De férias na Europa, Flávio Bolsonaro pede impeachment de Moraes

Brasil Política

O senador Flávio Bolsonaro deu uma pausa nas férias com a família na Europa nesta quarta-feira (23) para protocolar um pedido de impeachment do ministro do Supremo Tribunal Federal (STF), Alexandre de Moraes. 

Na justificativa do pedido, Flávio Bolsonaro acusou o magistrado de “impor censura e criminalizar manifestações políticas e diplomáticas” do seu pai, o ex-presidente Jair Bolsonaro, que cumpre medidas cautelares impostas pelo ministro do STF na semana passada.

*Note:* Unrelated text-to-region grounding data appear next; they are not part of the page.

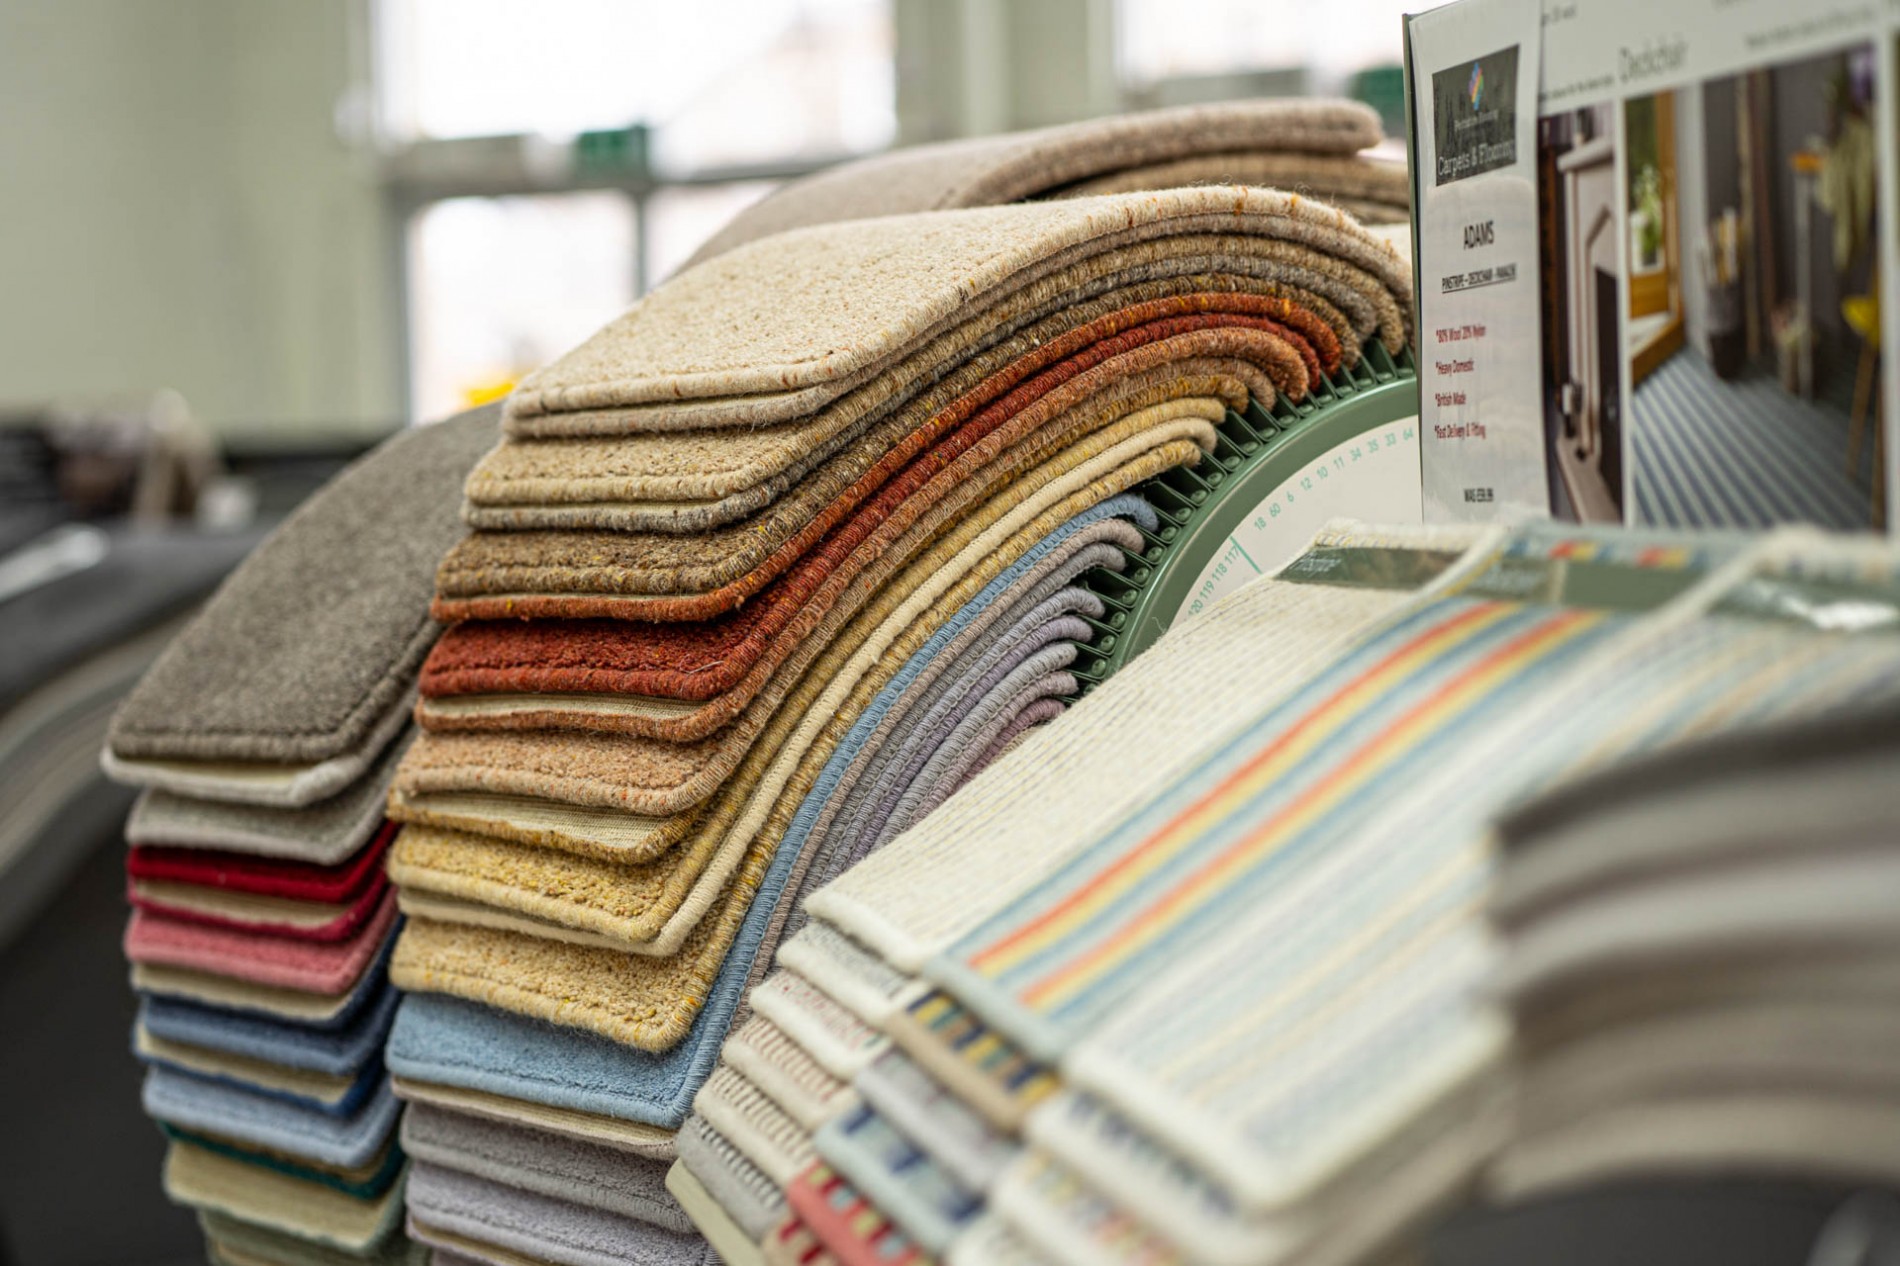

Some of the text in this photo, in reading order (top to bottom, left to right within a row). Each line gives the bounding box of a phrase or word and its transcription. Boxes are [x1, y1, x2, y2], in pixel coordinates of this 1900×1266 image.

[1438, 153, 1470, 177] Carpets
[1463, 220, 1494, 251] ADAMS
[1254, 516, 1266, 531] 18
[1286, 490, 1295, 502] 6
[1300, 477, 1312, 491] 12
[1317, 466, 1328, 479] 10
[1333, 455, 1345, 470] 11
[1350, 447, 1362, 461] 34
[1367, 438, 1379, 453] 35
[1385, 432, 1396, 447] 33
[1402, 427, 1414, 441] 64
[1188, 545, 1240, 615] 120 119 118 117

“Ao calar Jair Messias Bolsonaro por completo, proibindo-o de se manifestar direta ou indiretamente nas redes sociais, implicitamente proibindo-o de conceder entrevistas, declarações públicas e postagens em canais de terceiros — sob pena de prisão — o Ministro Alexandre de Moraes não apenas viola o direito individual do ex-presidente à livre manifestação, mas suprime o direito coletivo da população de ter acesso às suas ideias, discursos e posicionamentos. A medida adotada restringe a arena pública de debate, desequilibra o ambiente democrático e fere frontalmente o entendimento doutrinário e jurisprudencial firmado pela própria Corte a que o Ministro pertence”, diz  o senador.

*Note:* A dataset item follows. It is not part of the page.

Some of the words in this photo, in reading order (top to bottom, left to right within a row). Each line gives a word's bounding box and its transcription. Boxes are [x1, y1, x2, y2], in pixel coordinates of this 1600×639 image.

“O que se verifica, em verdade, é que o Ministro relator abandona sua posição constitucional de julgador imparcial para assumir um protagonismo político absolutamente incompatível com o cargo que ocupa, antecipando juízo de culpabilidade, censurando comunicações privadas, inclusive entre pai e filho, restringindo a liberdade de expressão nas redes sociais, e tratando reuniões diplomáticas ordinárias com representantes estrangeiros como atos ilícitos ou suspeitos, o que representa uma inversão radical da lógica constitucional e do papel da jurisdição penal em um Estado Democrático de Direito”, afirma em outro trecho do pedido.

O senador ainda apontou para um suposto “critério ideológico” que vem sendo adotado pelo  STF contra Bolsonaro. 

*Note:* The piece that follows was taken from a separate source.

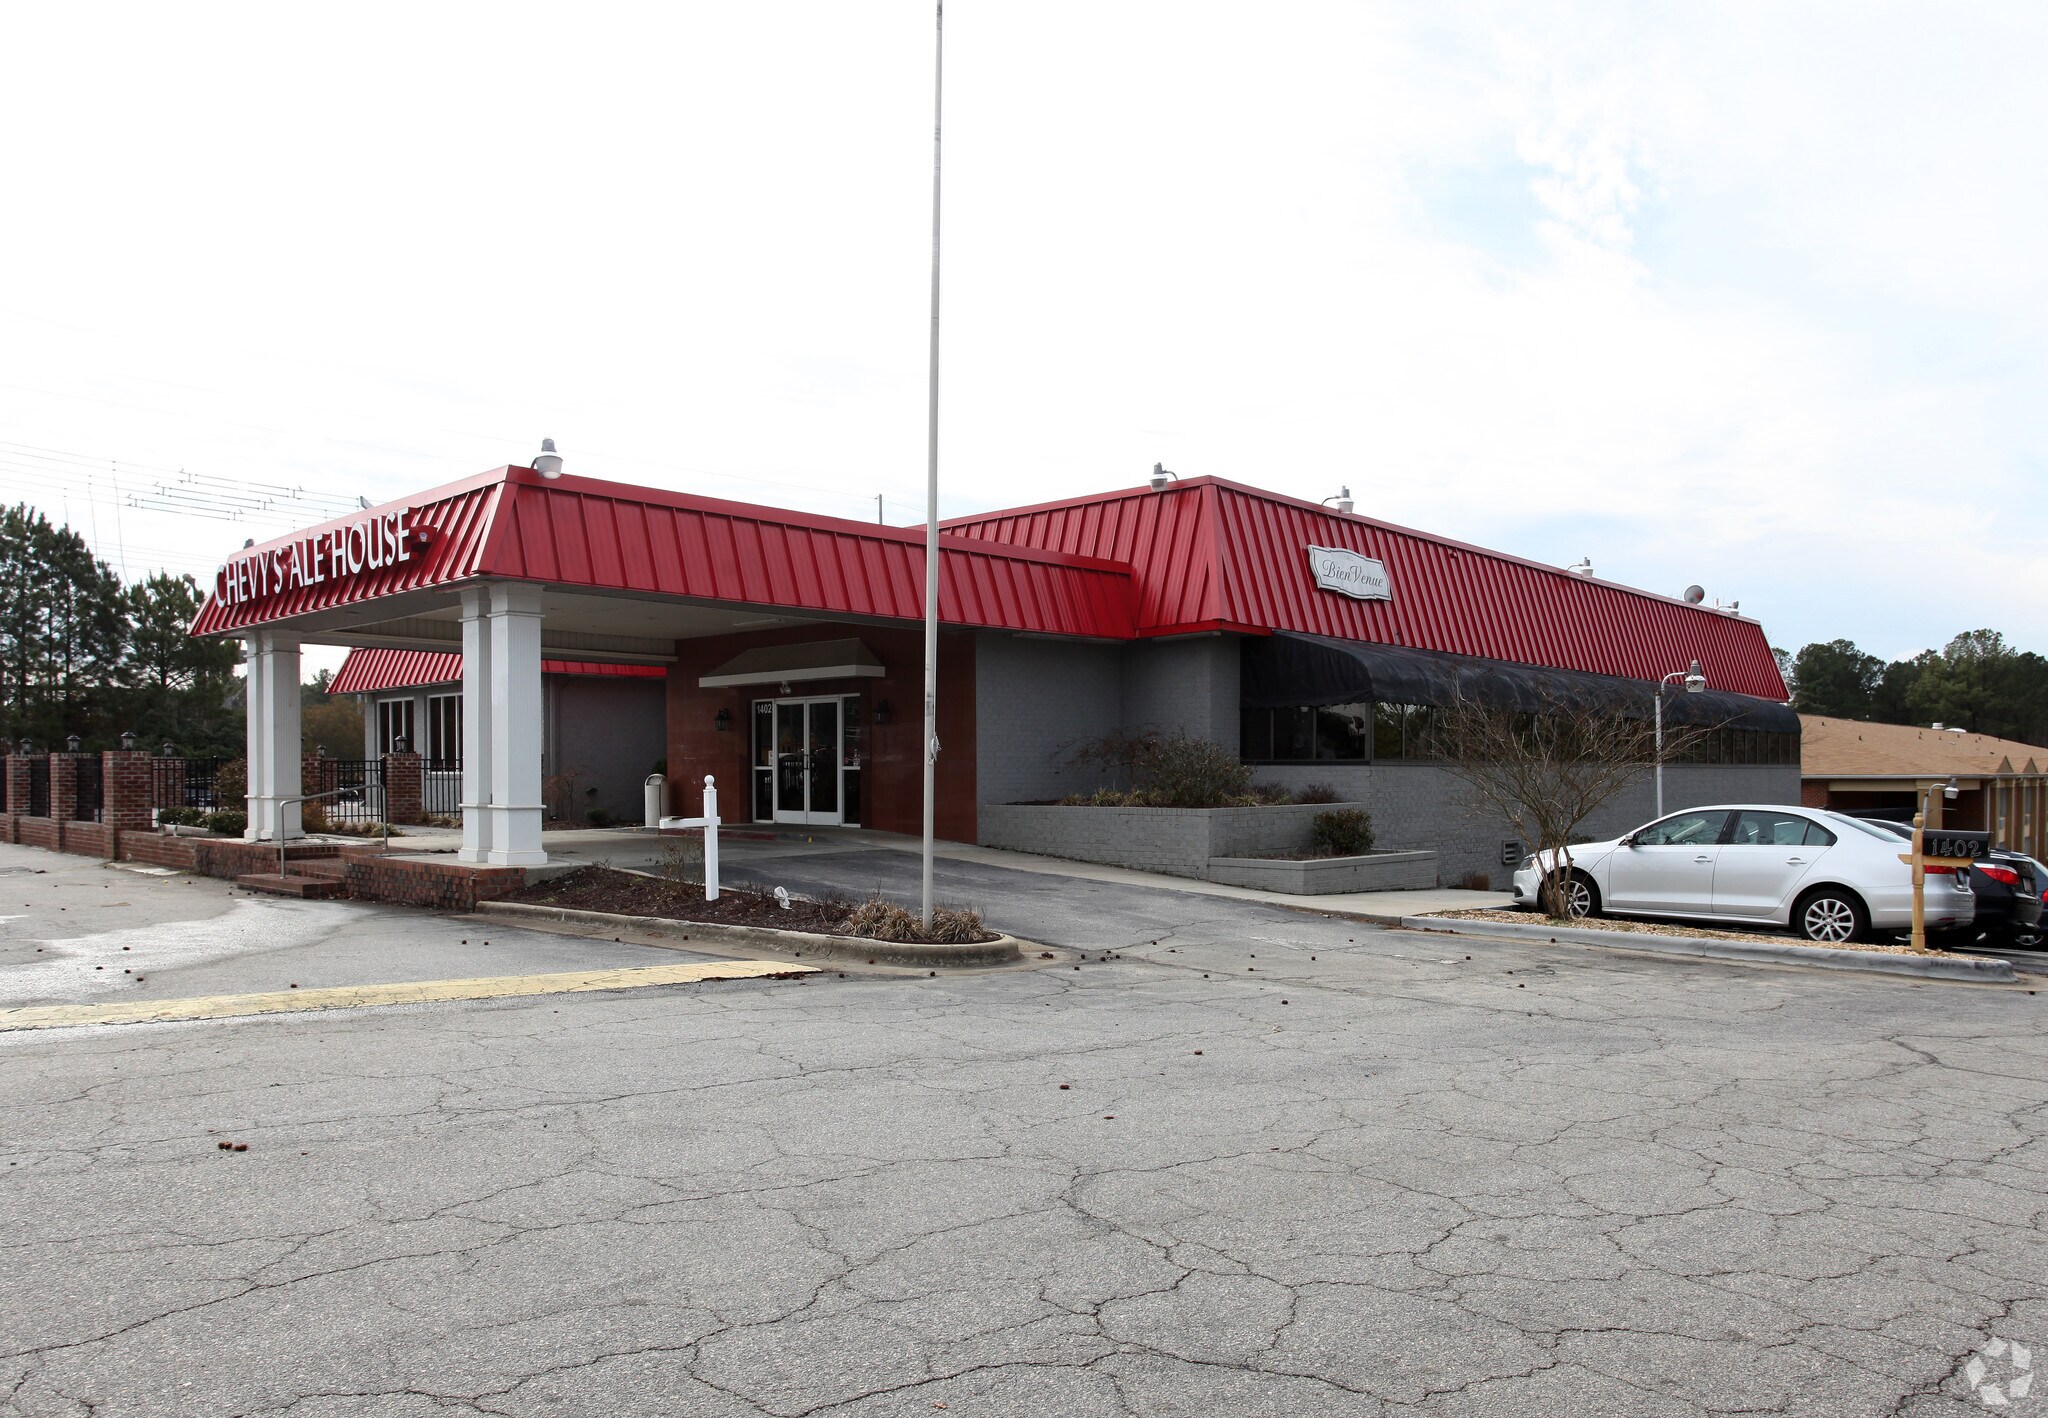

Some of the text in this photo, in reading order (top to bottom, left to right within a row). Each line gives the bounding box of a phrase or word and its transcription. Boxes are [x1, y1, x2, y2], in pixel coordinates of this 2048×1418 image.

[289, 533, 325, 590] ALE
[331, 507, 410, 579] HOUSE
[756, 703, 772, 715] 1402
[1932, 838, 1981, 857] 1402

“Essa disparidade revela um critério ideológico seletivo, pois no passado os Ministros do Supremo Tribunal Federal toleraram e até compreenderam manifestações políticas e diplomáticas da esquerda, mesmo quando estas colocavam em dúvida a legitimidade das instituições nacionais. Nas situações envolvendo Dilma e Lula, não houve imputação criminal, inquérito policial, medidas cautelares, censura, nem mesmo reprimenda pública por parte do STF. Ao contrário: tais manifestações foram tratadas como estratégias políticas legítimas e amparadas pelo exercício da liberdade de expressão.”